=== Begin Enclosure ===

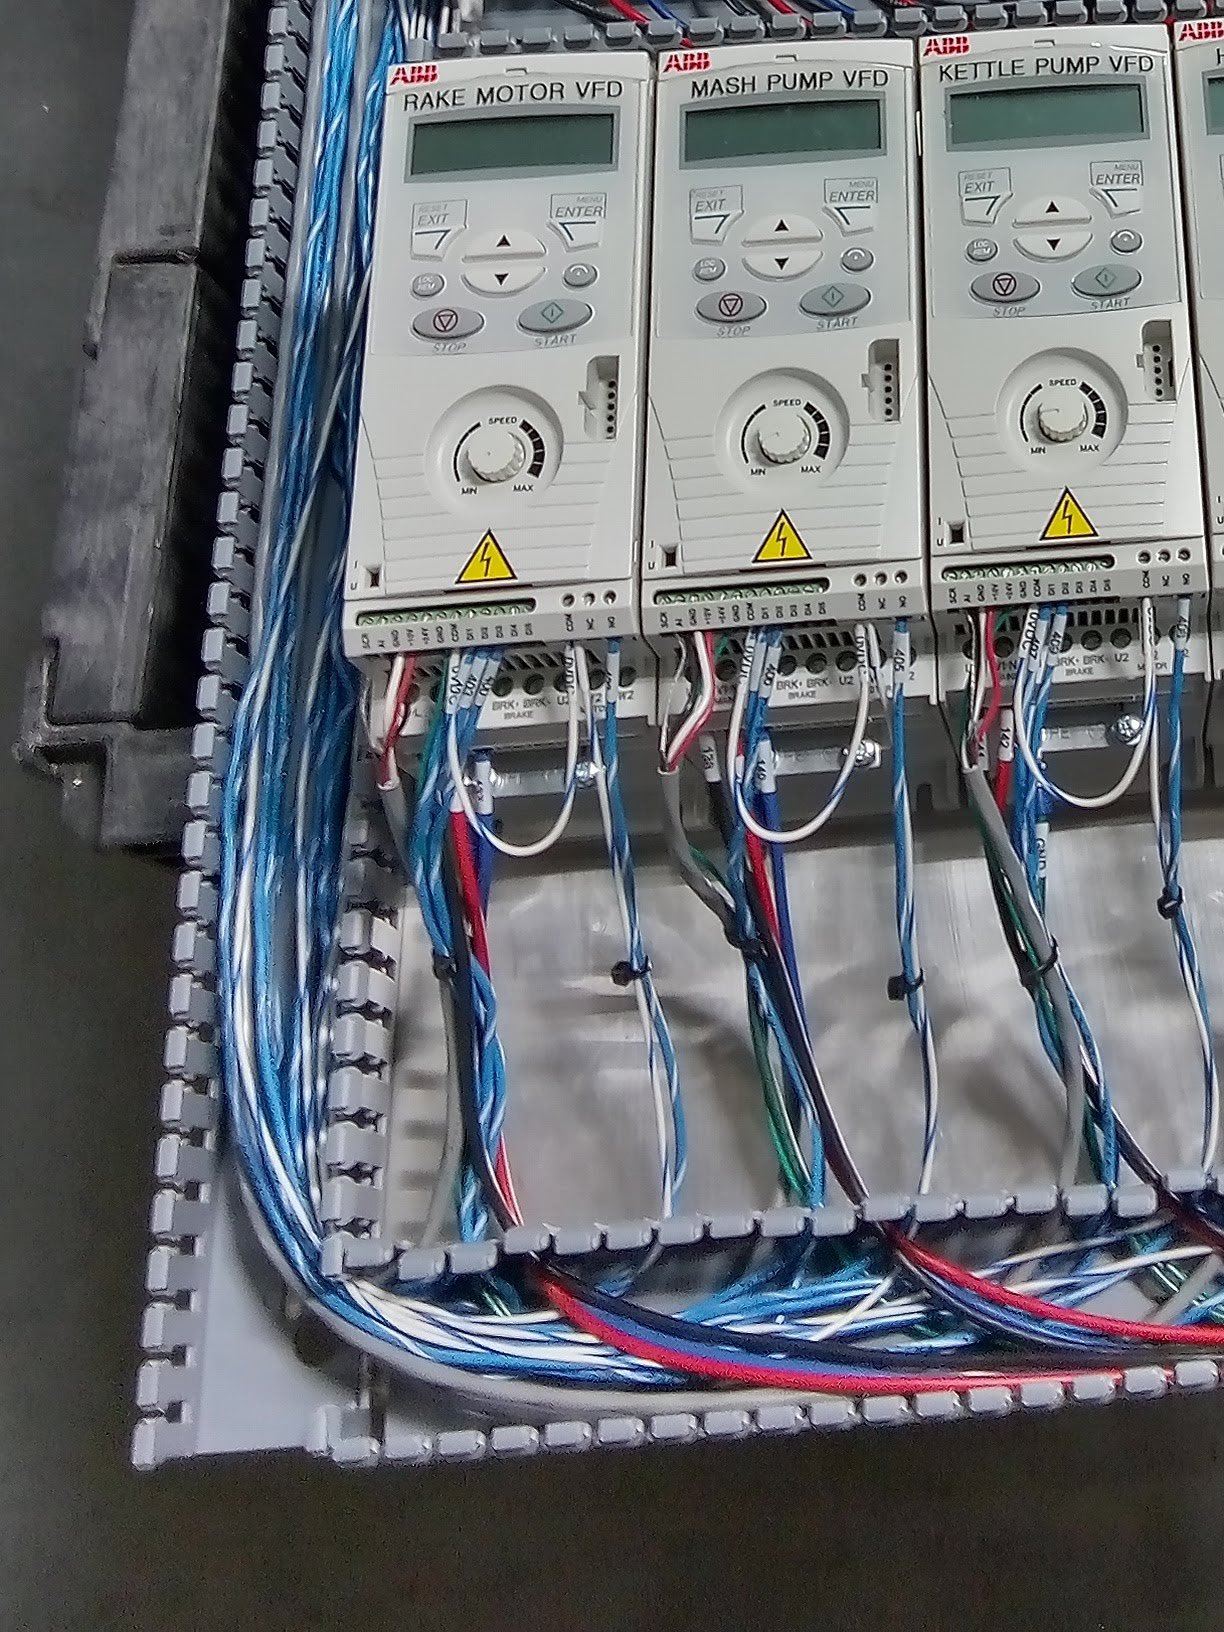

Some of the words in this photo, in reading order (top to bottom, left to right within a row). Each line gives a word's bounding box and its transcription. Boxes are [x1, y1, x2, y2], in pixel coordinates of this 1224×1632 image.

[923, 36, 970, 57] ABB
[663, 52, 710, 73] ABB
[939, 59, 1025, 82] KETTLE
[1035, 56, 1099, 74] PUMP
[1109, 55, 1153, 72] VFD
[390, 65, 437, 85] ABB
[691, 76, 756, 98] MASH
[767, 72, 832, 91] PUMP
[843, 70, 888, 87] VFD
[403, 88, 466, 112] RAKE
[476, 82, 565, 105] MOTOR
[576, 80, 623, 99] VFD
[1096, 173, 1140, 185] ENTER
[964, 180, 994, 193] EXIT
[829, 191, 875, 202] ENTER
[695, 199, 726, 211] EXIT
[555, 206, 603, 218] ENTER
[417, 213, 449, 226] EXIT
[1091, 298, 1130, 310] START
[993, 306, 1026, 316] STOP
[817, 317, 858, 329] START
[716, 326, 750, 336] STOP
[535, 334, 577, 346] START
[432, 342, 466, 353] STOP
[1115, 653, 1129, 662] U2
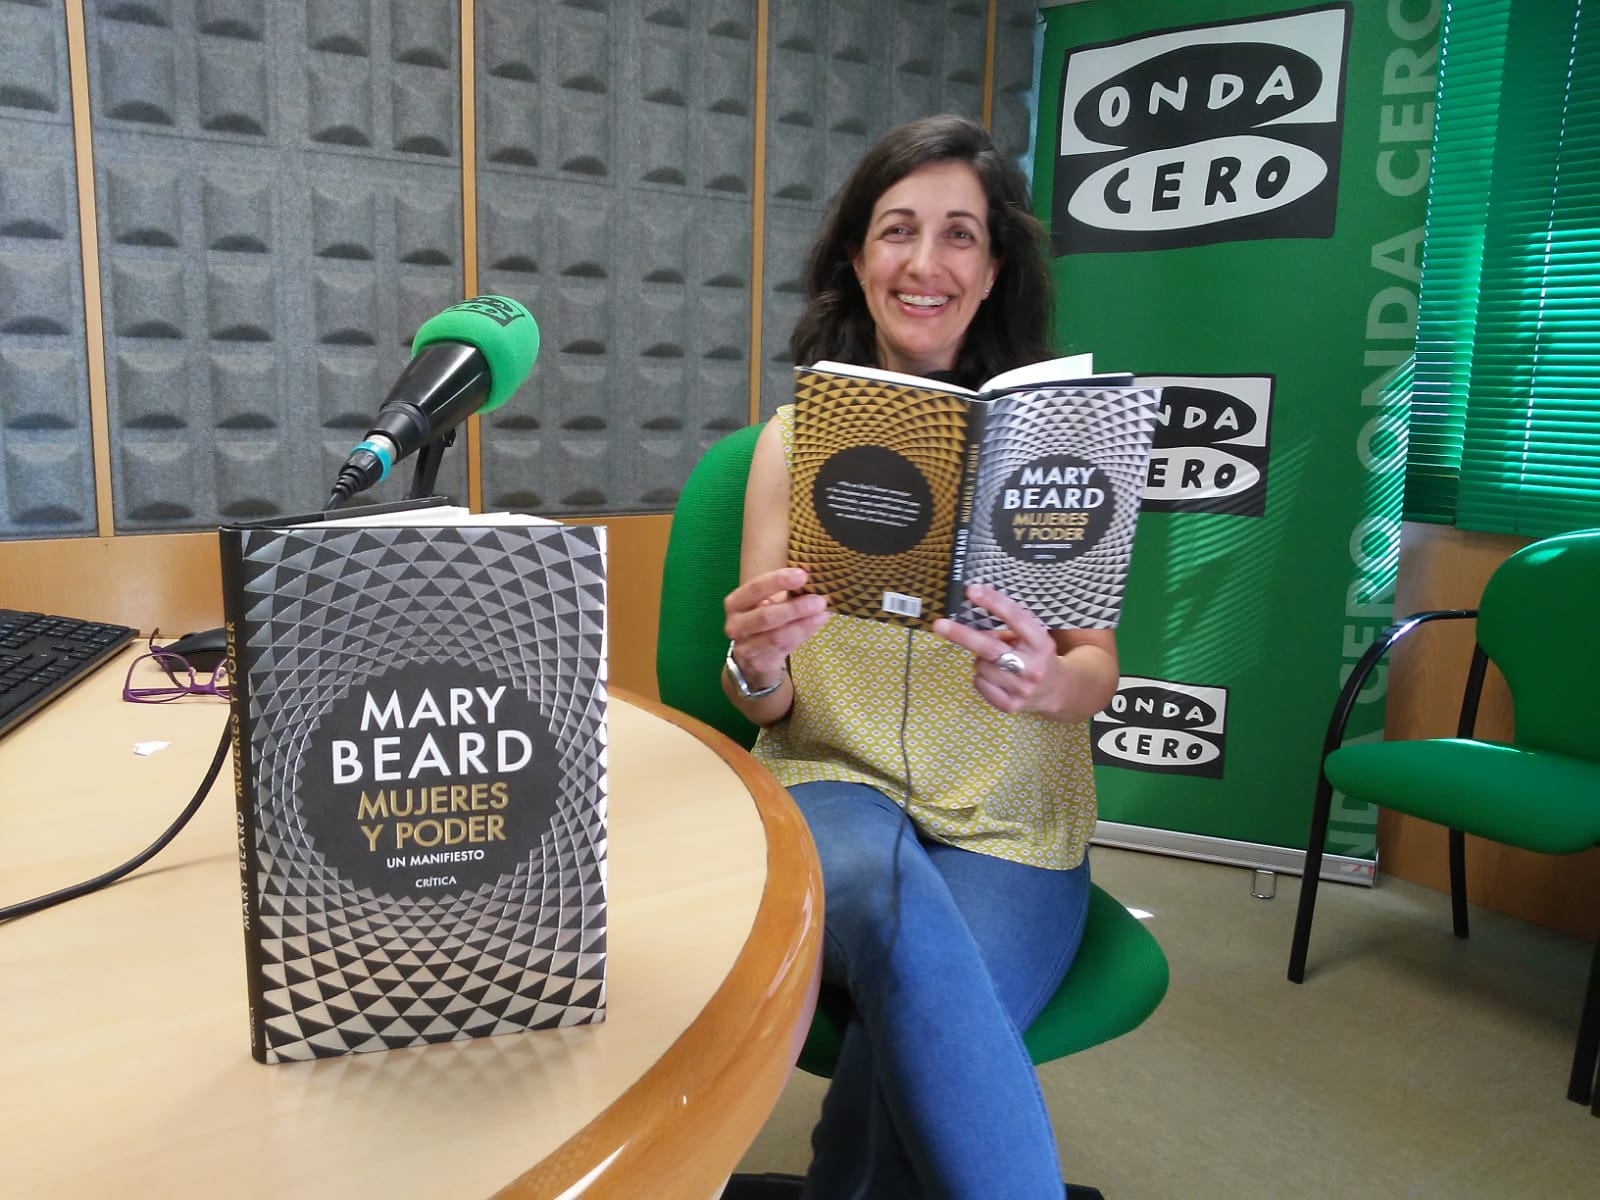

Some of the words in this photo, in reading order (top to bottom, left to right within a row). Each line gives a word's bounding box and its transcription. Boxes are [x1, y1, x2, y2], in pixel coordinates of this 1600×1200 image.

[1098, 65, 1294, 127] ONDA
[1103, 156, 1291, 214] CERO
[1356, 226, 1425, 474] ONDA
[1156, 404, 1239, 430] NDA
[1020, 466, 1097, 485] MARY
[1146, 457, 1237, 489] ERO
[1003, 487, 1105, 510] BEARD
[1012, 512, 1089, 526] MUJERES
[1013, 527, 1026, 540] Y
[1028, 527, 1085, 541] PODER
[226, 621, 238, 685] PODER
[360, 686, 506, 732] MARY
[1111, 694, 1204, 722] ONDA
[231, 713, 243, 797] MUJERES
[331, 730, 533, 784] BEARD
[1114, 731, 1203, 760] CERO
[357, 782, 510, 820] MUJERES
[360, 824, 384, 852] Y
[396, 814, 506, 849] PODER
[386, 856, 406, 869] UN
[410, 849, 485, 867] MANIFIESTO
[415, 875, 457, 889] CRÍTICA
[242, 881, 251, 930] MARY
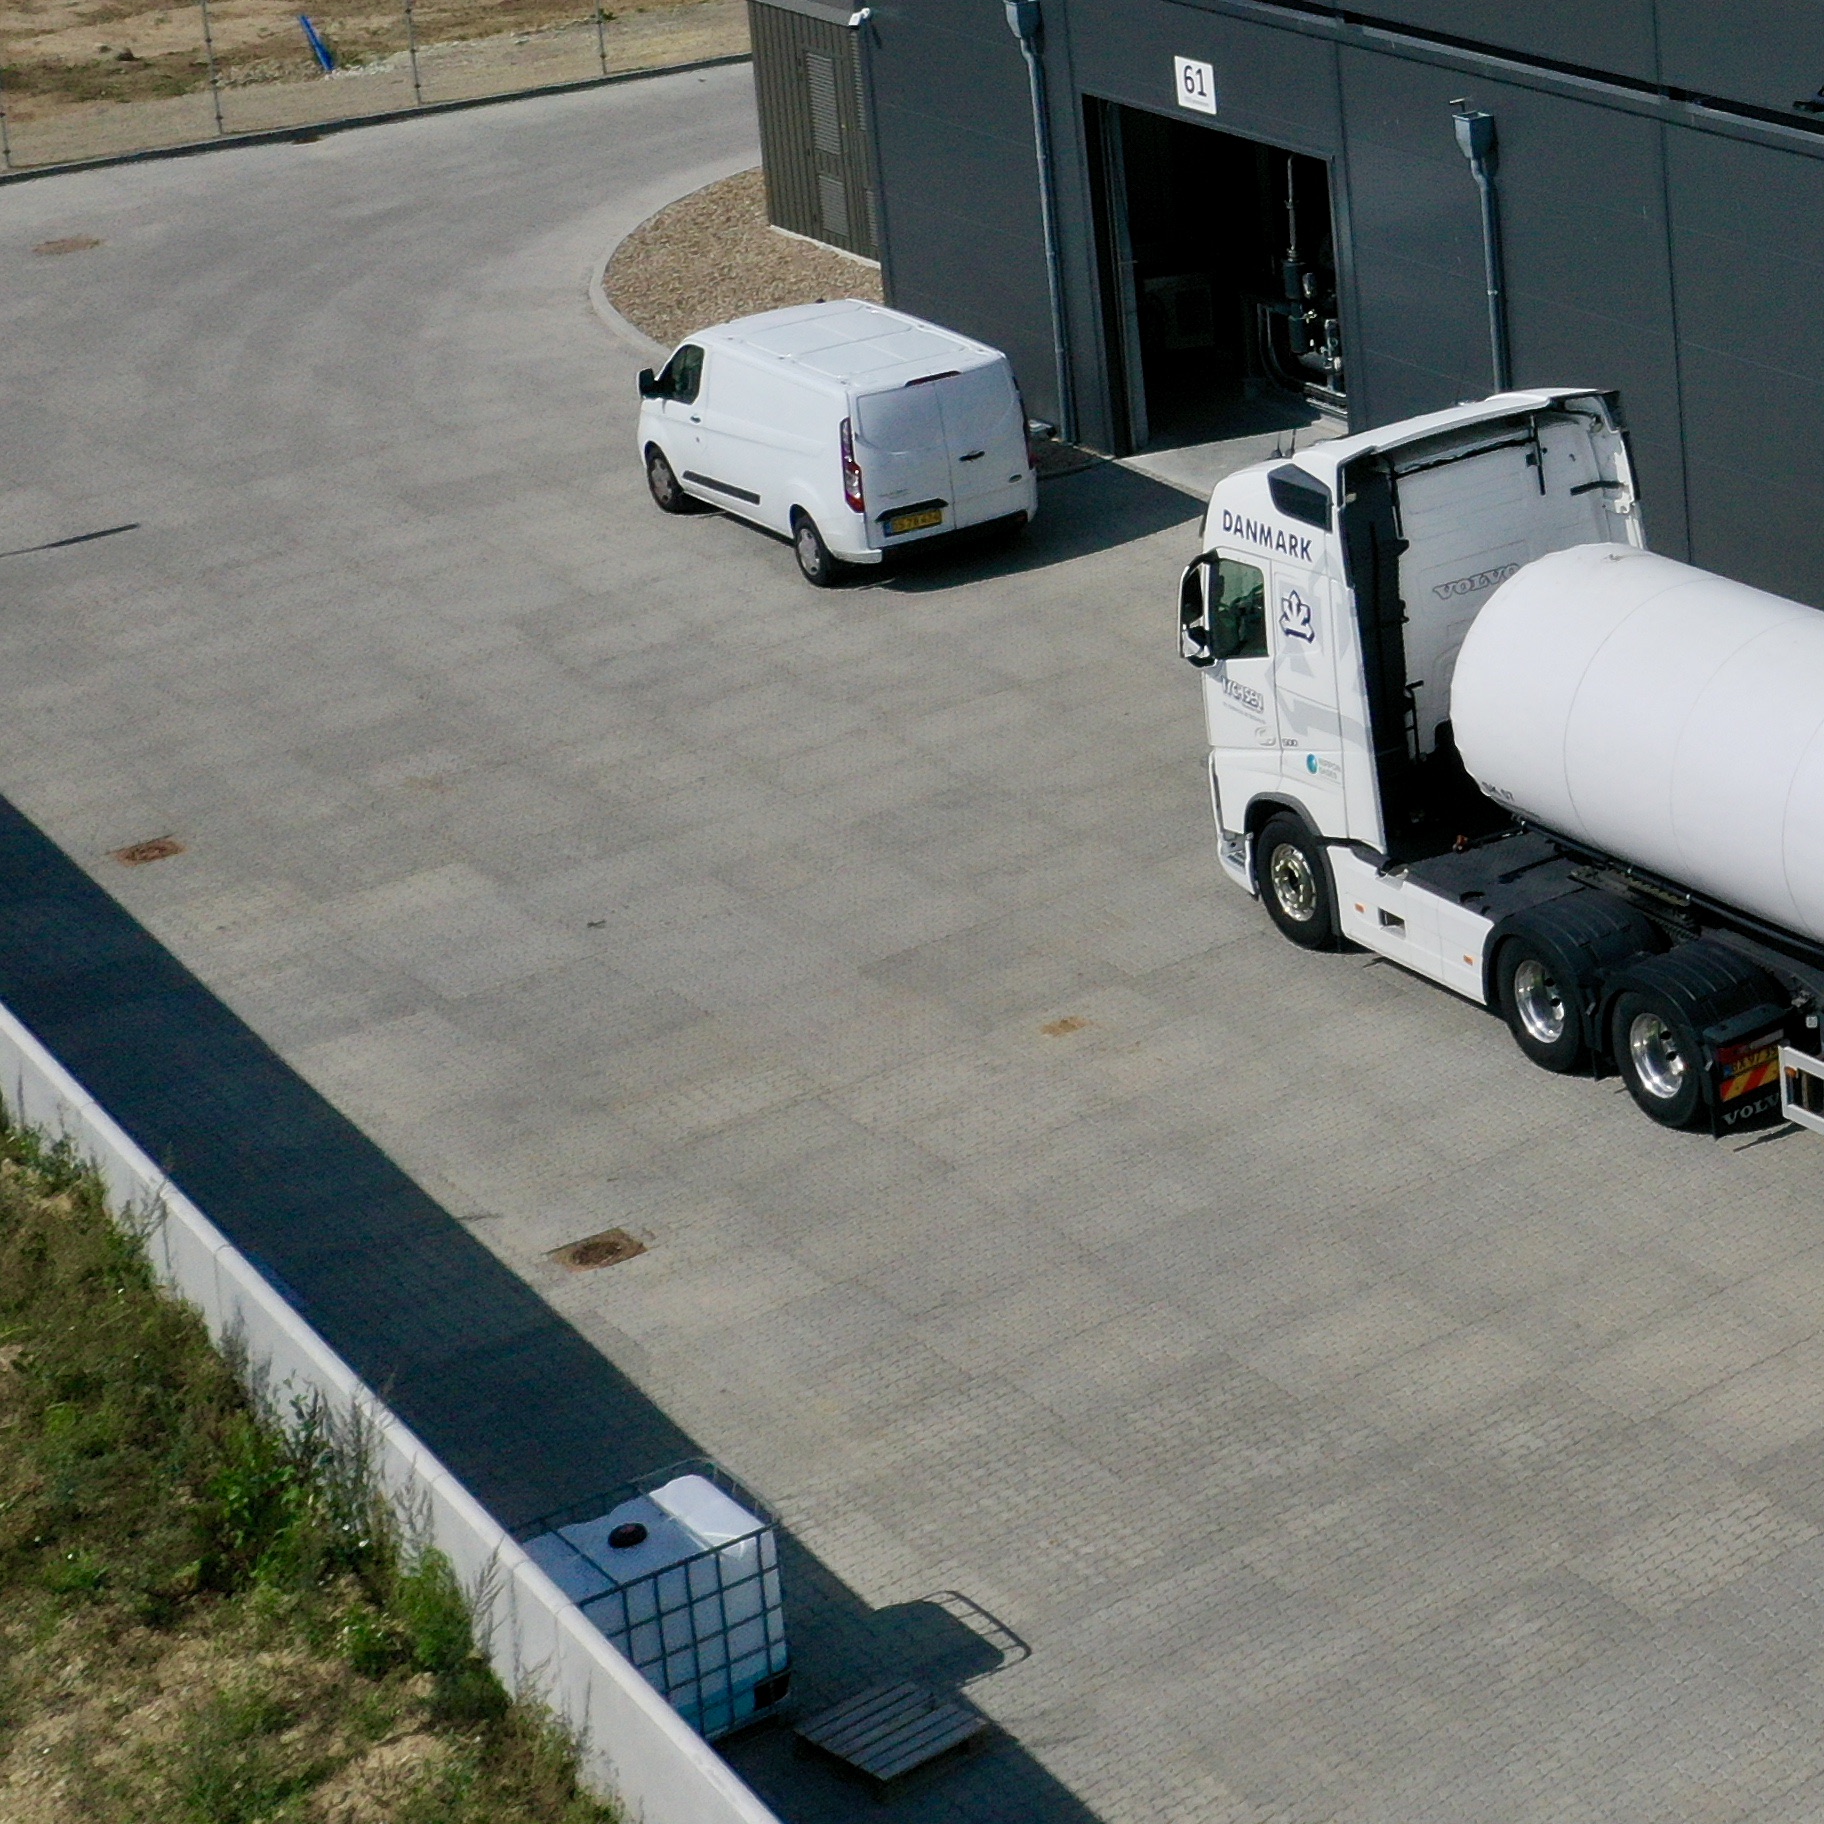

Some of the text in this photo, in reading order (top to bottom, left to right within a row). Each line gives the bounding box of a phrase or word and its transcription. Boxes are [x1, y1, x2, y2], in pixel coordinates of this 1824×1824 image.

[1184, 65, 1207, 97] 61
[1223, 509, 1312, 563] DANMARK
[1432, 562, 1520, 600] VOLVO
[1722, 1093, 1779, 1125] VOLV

=== End Enclosure ===

*Work item*: Would you please copy the material exactly, leaving all the pictures out?

*Exercise result*:
Some of the words in this photo, in reading order (top to bottom, left to right within a row). Each line gives a word's bounding box and its transcription. Boxes are [x1, y1, x2, y2], in pixel coordinates of this 1224×1632 image.

[923, 36, 970, 57] ABB
[663, 52, 710, 73] ABB
[939, 59, 1025, 82] KETTLE
[1035, 56, 1099, 74] PUMP
[1109, 55, 1153, 72] VFD
[390, 65, 437, 85] ABB
[691, 76, 756, 98] MASH
[767, 72, 832, 91] PUMP
[843, 70, 888, 87] VFD
[403, 88, 466, 112] RAKE
[476, 82, 565, 105] MOTOR
[576, 80, 623, 99] VFD
[1096, 173, 1140, 185] ENTER
[964, 180, 994, 193] EXIT
[829, 191, 875, 202] ENTER
[695, 199, 726, 211] EXIT
[555, 206, 603, 218] ENTER
[417, 213, 449, 226] EXIT
[1091, 298, 1130, 310] START
[993, 306, 1026, 316] STOP
[817, 317, 858, 329] START
[716, 326, 750, 336] STOP
[535, 334, 577, 346] START
[432, 342, 466, 353] STOP
[1115, 653, 1129, 662] U2

Some of the words in this photo, in reading order (top to bottom, left to right within a row). Each line gives a word's bounding box and its transcription. Boxes are [x1, y1, x2, y2], in pixel coordinates of this 1600×1200 image.

[1098, 65, 1294, 127] ONDA
[1103, 156, 1291, 214] CERO
[1356, 226, 1425, 474] ONDA
[1156, 404, 1239, 430] NDA
[1020, 466, 1097, 485] MARY
[1146, 457, 1237, 489] ERO
[1003, 487, 1105, 510] BEARD
[1012, 512, 1089, 526] MUJERES
[1013, 527, 1026, 540] Y
[1028, 527, 1085, 541] PODER
[226, 621, 238, 685] PODER
[360, 686, 506, 732] MARY
[1111, 694, 1204, 722] ONDA
[231, 713, 243, 797] MUJERES
[331, 730, 533, 784] BEARD
[1114, 731, 1203, 760] CERO
[357, 782, 510, 820] MUJERES
[360, 824, 384, 852] Y
[396, 814, 506, 849] PODER
[386, 856, 406, 869] UN
[410, 849, 485, 867] MANIFIESTO
[415, 875, 457, 889] CRÍTICA
[242, 881, 251, 930] MARY

Some of the text in this photo, in reading order (top to bottom, left to right within a row). Each line gives the bounding box of a phrase or word and its transcription. Boxes are [x1, y1, x2, y2], in pixel coordinates of this 1824×1824 image.

[1184, 65, 1207, 97] 61
[1223, 509, 1312, 563] DANMARK
[1432, 562, 1520, 600] VOLVO
[1722, 1093, 1779, 1125] VOLV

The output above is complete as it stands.